How to describe Bahamut Lagoon? This is a difficult question indeed. As one of the few soundtracks in which Noriko Matsueda scored, it certainly didn’t gather much attention, and that’s a shame. Why you’d ask? Read on to find out. Note: This review is mostly based on my playing experience.
The music in Bahamut Lagoon is pretty much epic, as it has a medieval setting, something I’m personally very fond of. The “Opening” theme is breathtaking; it fits the visual effects quite well. And for fans of strategy RPG’s, you’ll be served a full plate of military-like music. An excellent example of this would be “Kanna Army,” which is used for the battlefield mode. The use of the drum machine here simply gives the player the impression that he’s really planning some tactic to overcome the enemy, the Granbelos Empire. “Sauzer’s Theme” is inaccurate, it hardly plays when Sauzer has the spotlight, and is more of a theme for the generals of the Granbelos Army.

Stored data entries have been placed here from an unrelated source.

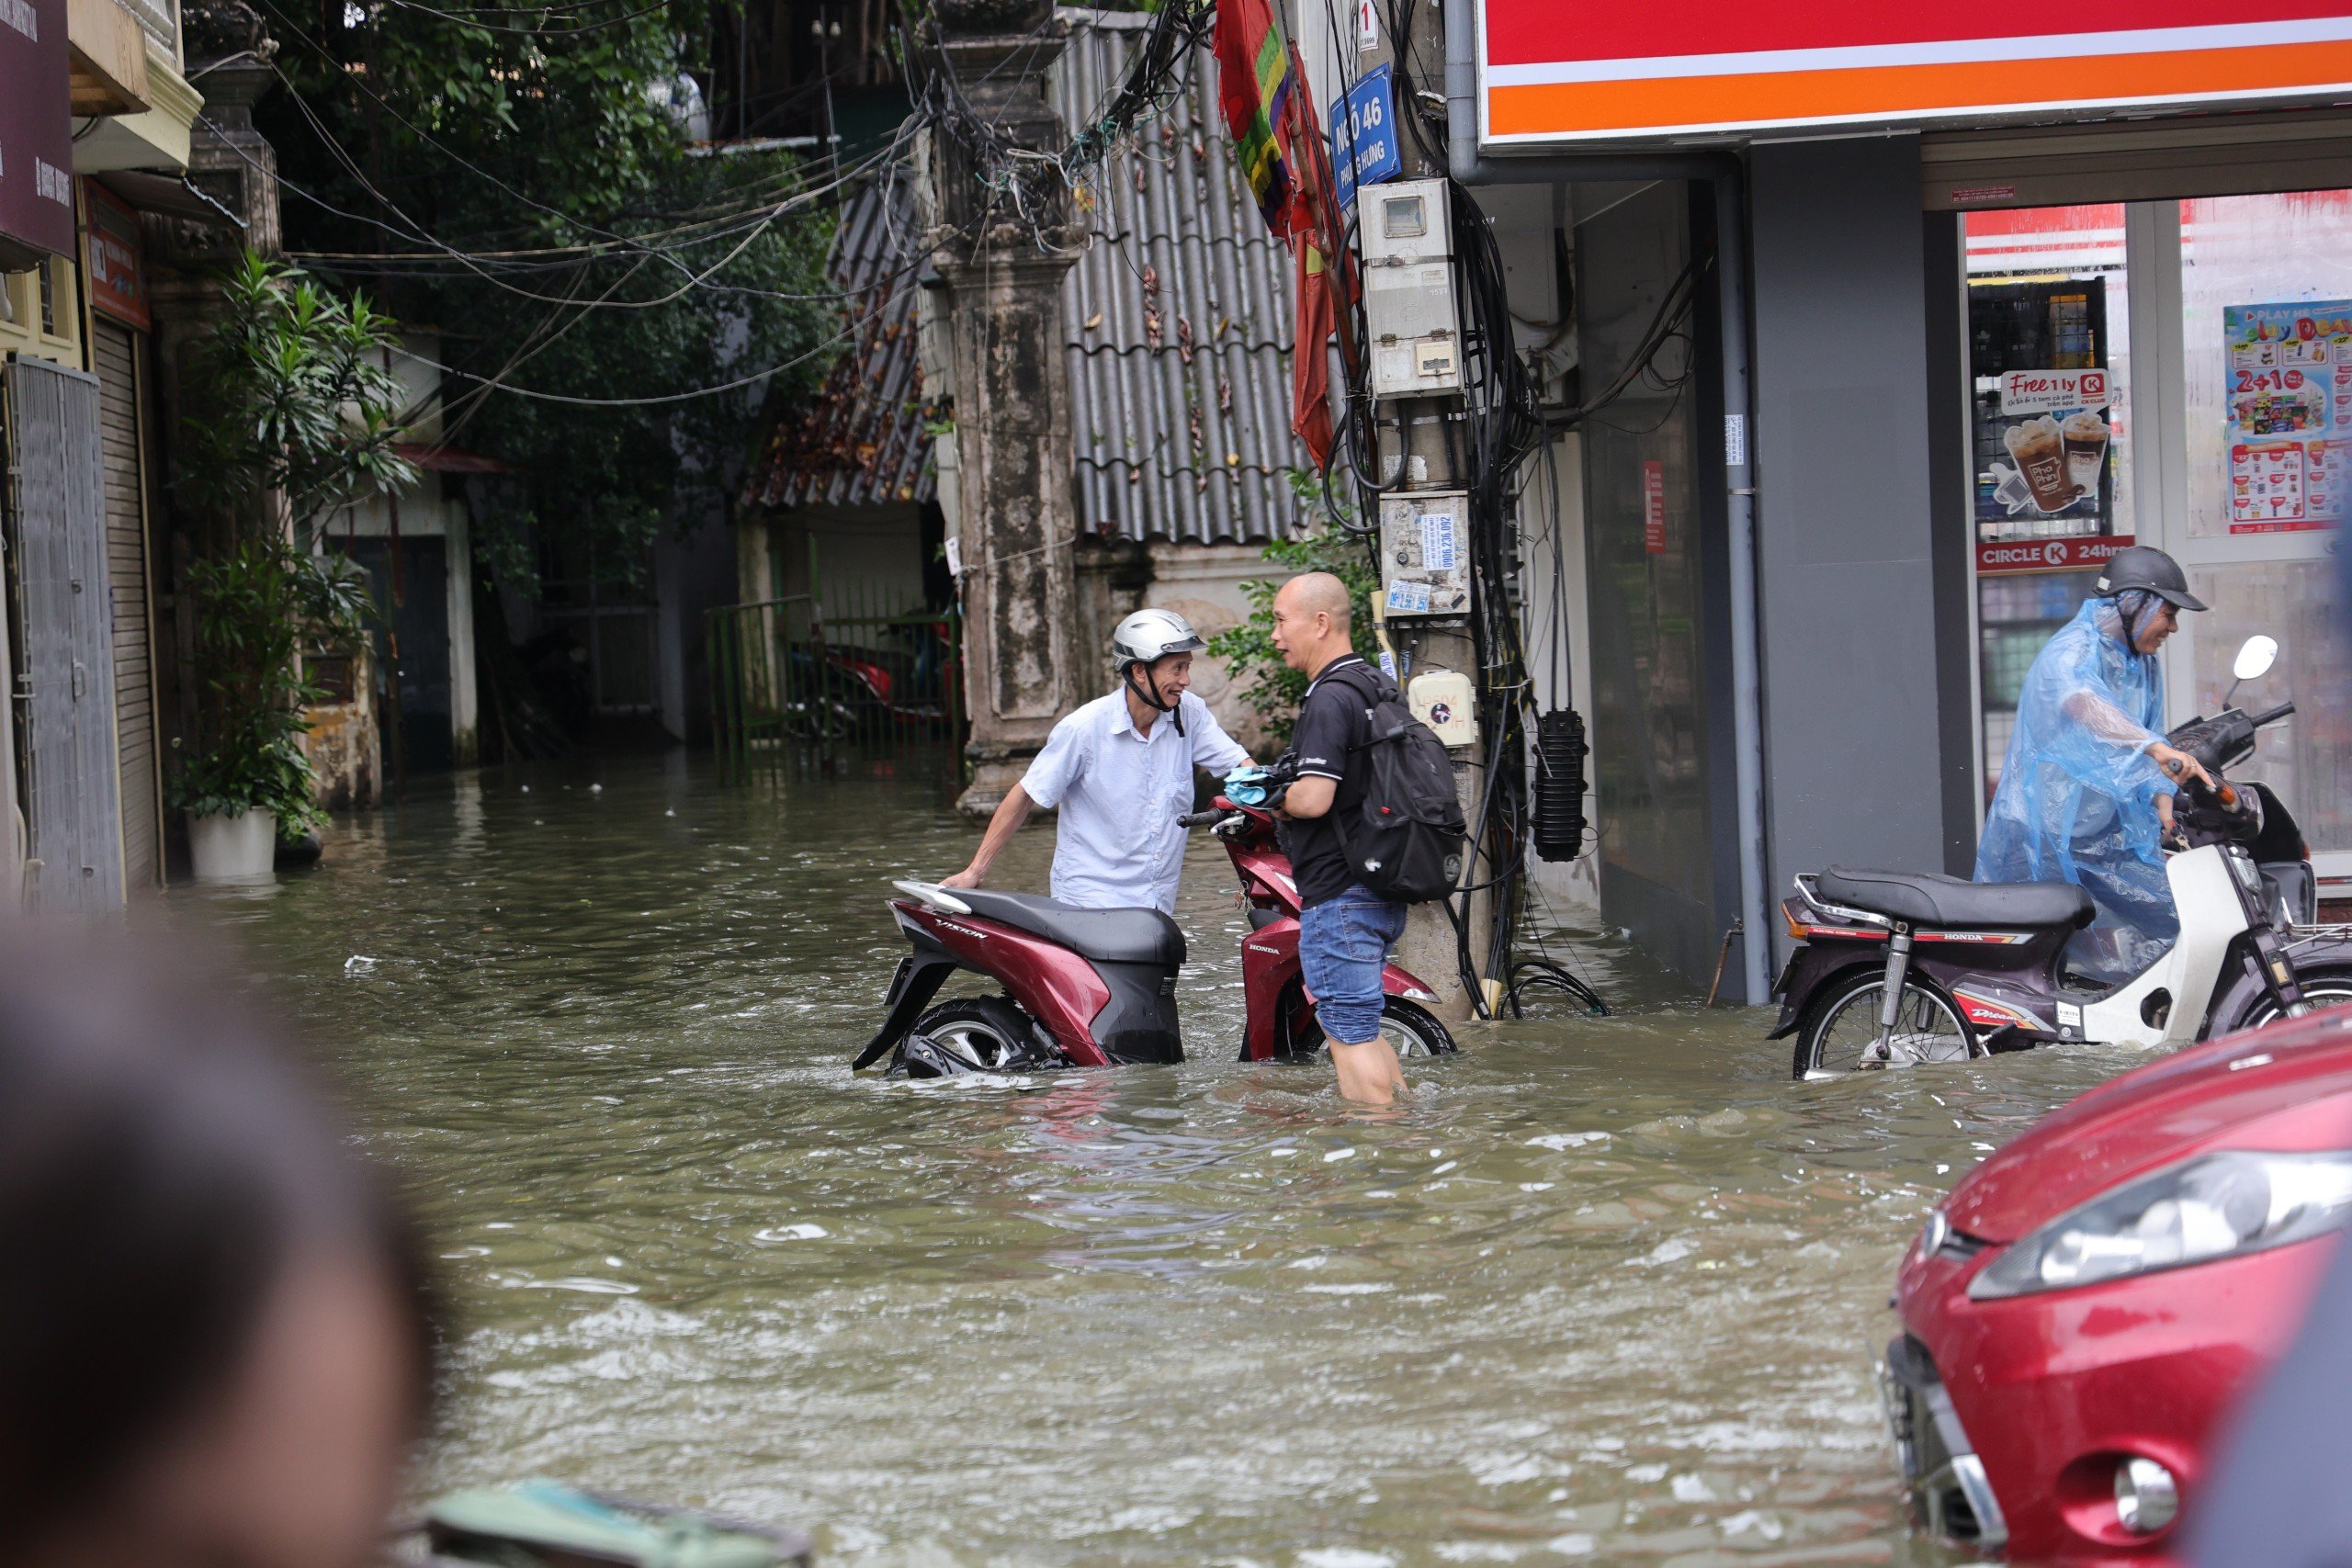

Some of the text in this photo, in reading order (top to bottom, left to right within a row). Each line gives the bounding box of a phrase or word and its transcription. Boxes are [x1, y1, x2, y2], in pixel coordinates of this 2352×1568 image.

[1363, 96, 1382, 130] 46
[1362, 140, 1385, 172] HƯNG
[2009, 373, 2050, 397] Free
[2052, 379, 2058, 391] 1
[2062, 378, 2076, 392] ly
[2235, 369, 2282, 392] 2+1
[1983, 547, 2041, 564] CIRCLE
[2078, 544, 2125, 558] 24hr
[935, 918, 989, 939] VISION
[1250, 943, 1280, 955] HONDA

I does give off a feeling of uneasiness, which fits their motives just fine. “Friendship” actually IS Sauzer’s theme, and it’s a first in RPG history, to my knowledge, to be granted with a beautiful melody. In contrast to the usual evil/brooding themes, it’s an interesting change. “Gudruff’s Theme” is another villain’s theme, however, this one is of the evil/brooding kind, and represents the vile Gudruff all too well.
An obvious interest in all RPG soundtracks are the battle themes. Do Bahamut Lagoon’s do their part? Of course, these are among the best battle themes coming from Squaresoft (SNES era speaking, of course). The boss theme is my personal favorite; it gives off a sense of danger and urgency as you do your best to survive in battle. “Battle with Alexander” is another battle theme that stands out. While it may be short, it makes it up by sounding just plain good.

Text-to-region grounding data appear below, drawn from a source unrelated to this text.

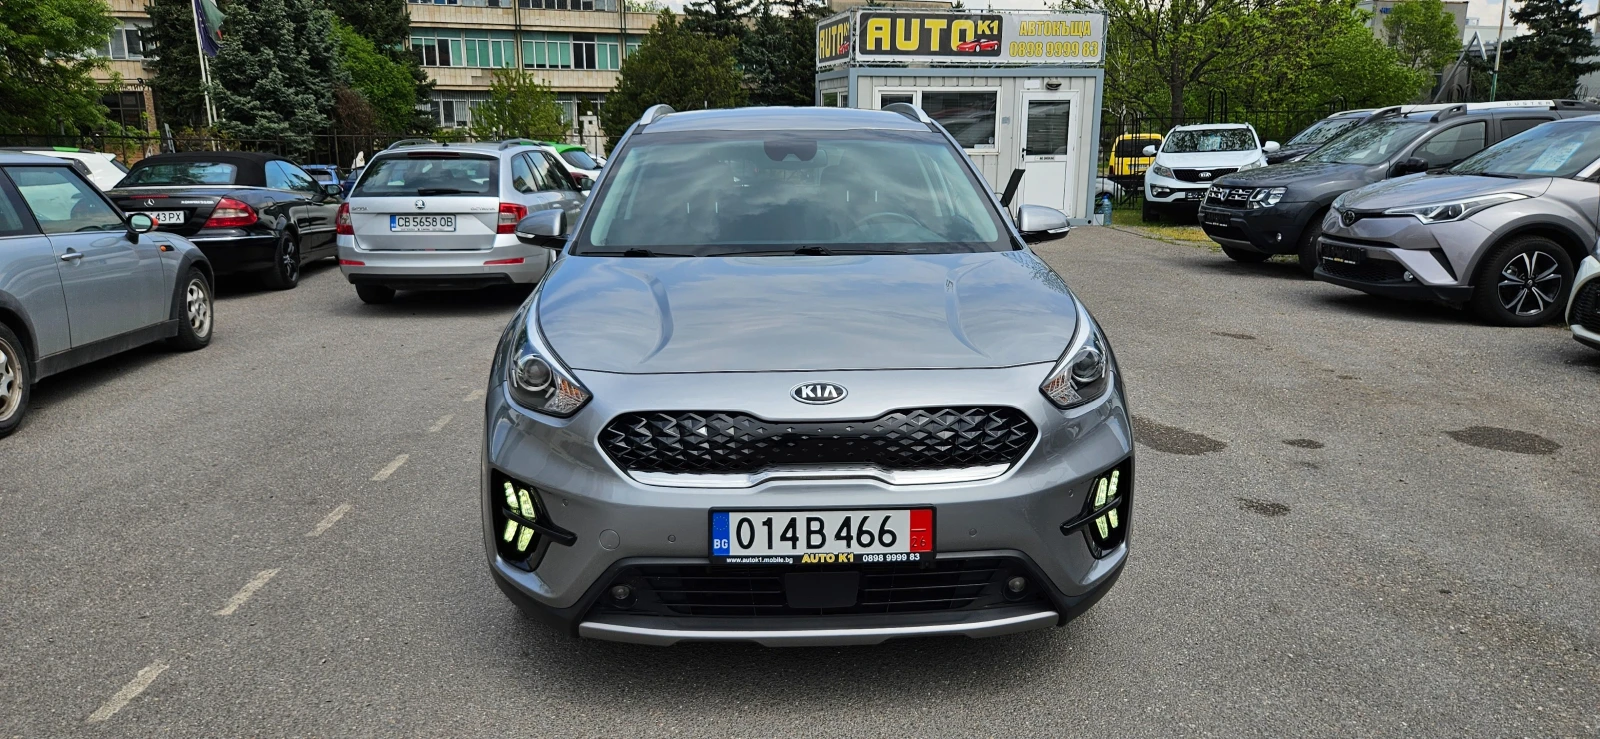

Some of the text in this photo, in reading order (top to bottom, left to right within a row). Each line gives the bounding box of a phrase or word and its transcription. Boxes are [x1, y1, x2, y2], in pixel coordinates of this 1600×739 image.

[866, 18, 998, 52] AUTO K1
[1019, 20, 1091, 38] АВТОКЪЩА
[820, 24, 844, 59] AUTO
[1009, 41, 1099, 58] 0898 9999 83
[397, 216, 410, 228] CB
[412, 216, 438, 227] 5658
[801, 384, 838, 398] KIA
[714, 538, 728, 549] BG
[801, 552, 854, 563] AUTO K1

Another important part of RPG soundtracks would be town themes. Well, Bahamut Lagoon has some good ones as well as (unfortunately) bad ones. “The Green Continent Campbell” is very soothing and reflects the peaceful town, just lovely.
Another popular section of an RPG soundtrack is the character themes. Yet again, Bahamut Lagoon’s stand firmly on their own. “JoJo’s Theme” is simply a light, peaceful track. Of course the princess has the particular trait, so it fits her well. “Little Nori-chan’s Appearance” is actually Donphan’s theme, who just cannot stop flirting with the ladies. As he provides a good chunk of comic relief, it’s normal he gets such a hilarious theme. “Matelight’s Theme” has a much more serious and military tone. This is played when he gives the crew a briefing or training session, it does its job.
That’s pretty much it. Wait…there is a second disc?! Why yes, it contains two orchestral arrangements of the “Opening Theme” and “Jojo and the Sacred Dragon” respectively. They are basically souped-up versions, but I’m not really “that” impressed. And we get two bits, 15 and 20 seconds, of the arrangements’ ending parts. Why did they do this? Your guess is as good as mine.
All in all, I truly believe this soundtrack is worth picking up mostly because it’s Squaresoft, but also because it’s pretty original for an RPG. Want this soundtrack? Well, there are two places I know of, the easiest being Otaku. If Otaku should stop restocking them, you’ll only have eBay. All I can say is “Good luck!” You’ll need it as this soundtrack has become extremely rare like many other CDs of the same year; Rudora no Hihou and Treasure Hunter G.